The thought of achieving any sort of higher education has often been a challenging idea in my family for generations. I come from a long line of hard workers that choose to break their backs at work just to keep a roof over their families heads. No one ever finished school in my family and although my mom never went to school, during her time in an immigration detention center she pushed through to get her GED so she got out she could find a better job and show people that “Si se puede!”.
Our struggles with poverty made me not want to bother my mom with the idea of going to college but I knew early on in my life that my mom expected more of me, I was supposed to serve as the outlier to the norm in my family and bring an end to the “unachievable dream”. I wanted to be the one to further my education, and go on to do something more meaningful with my life. But the knowing I don’t have enough academically and financially obstacles my dream even though I do not want to fail my mom.
The main reason I worry is because, I do not know where I want to go from here. All my life I have never been able to give a response to that often asked question, “So Sarah, what do you want to be when you grow up?”. My mom never had an answer to that same question but it is because she never had the opportunity to live out her own life. When my mom was 18 she got pregnant with me and she had made the drastic decision to leave Mexico with only the books in her back, and a 3 month old swollen pregnancy belly. Even though the trip through the desert nearly killed her and me due to dehydration she pushed through so I would be able to receive a greater opportunity in life through a better education.

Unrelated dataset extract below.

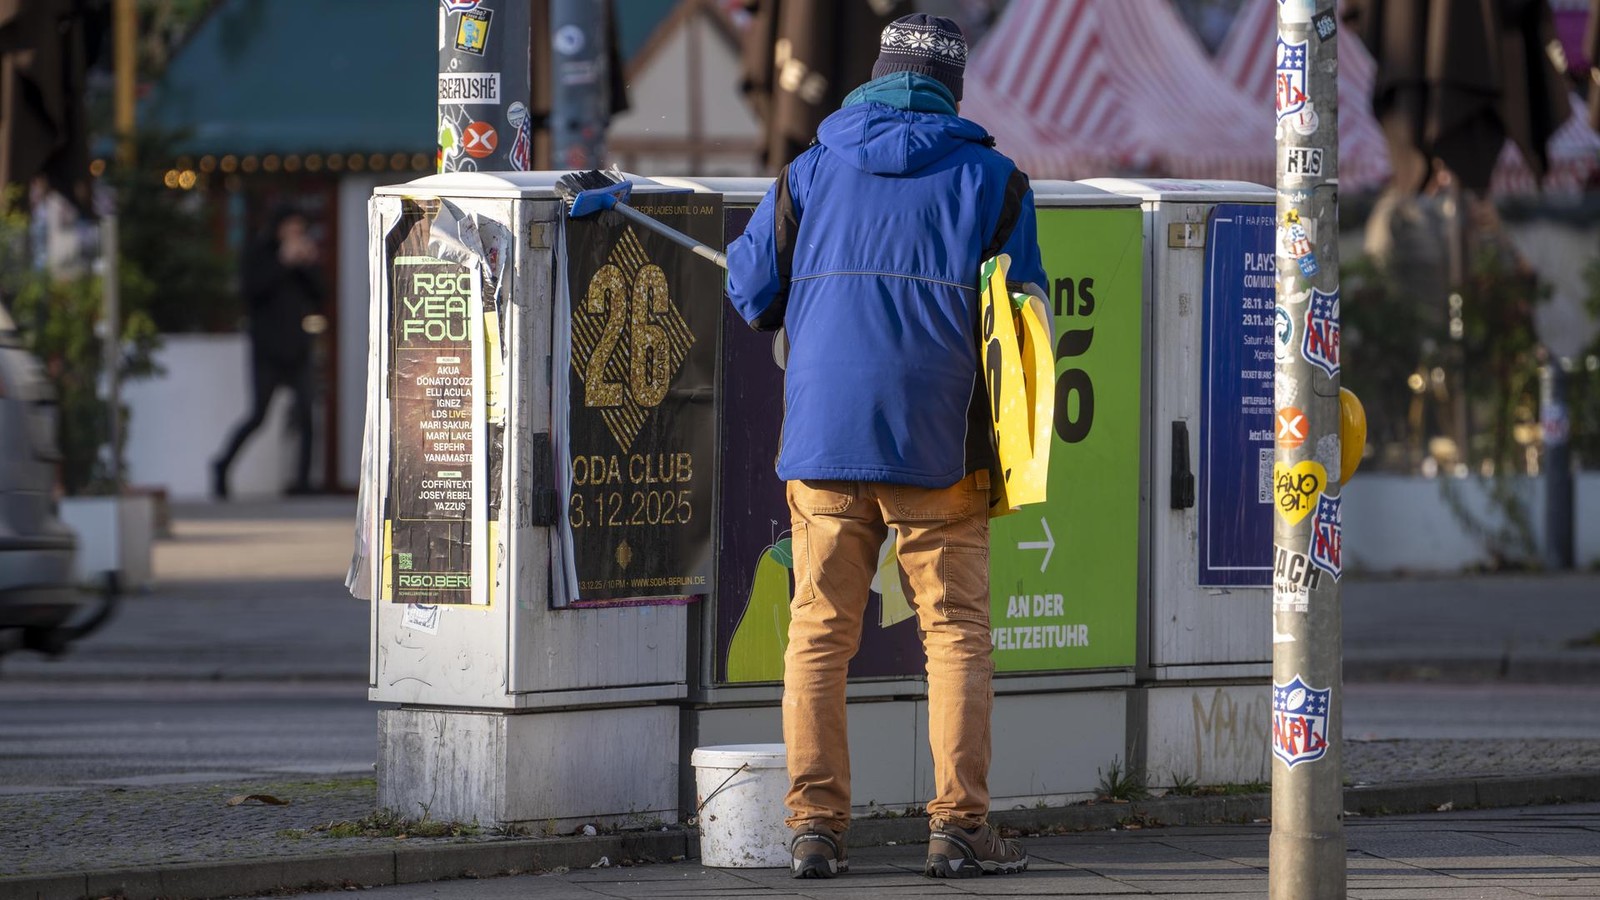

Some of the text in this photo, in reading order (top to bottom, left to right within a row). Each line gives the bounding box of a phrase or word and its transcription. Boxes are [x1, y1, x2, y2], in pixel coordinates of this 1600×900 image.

Although I do not have a straight answer to what I want to be, I do know I want to dedicate my life being a woman for others and serving all who are in need. When I think about it I guess that lingering question is part of the reason I’m writing this essay. I have accepted the fact that growing up means not always knowing who I am going to be, and that it is going to take some time before I can finally look around and think to myself, “I want to spend my life doing this”. I’ve come to a realisation that college can serve as the initiative to get me there, the place where I can begin to learn and see the world on my own terms, and take advantage of the choices I have been blessed with the ability to make.
I know my family before me could not say the same. But through college I will be able to use my freedom to study what I want to learn and pursue a career not out of necessity, but out of choice. College is my one opportunity to change not just for my myself, but to show my family that the road to higher education might seem impossible but is achievable.
Yet the thought of being the first in my family to attend college remains daunting. At times, I feel tasked with a responsibility to be the one to finally bring an end to the generation of struggle. But I have come to accept that challenge and see it as something gratifying. It is taken years of trial, but I will finally end the cycle for us. Even though the fear remains, I have come to realise that the pride outweighs.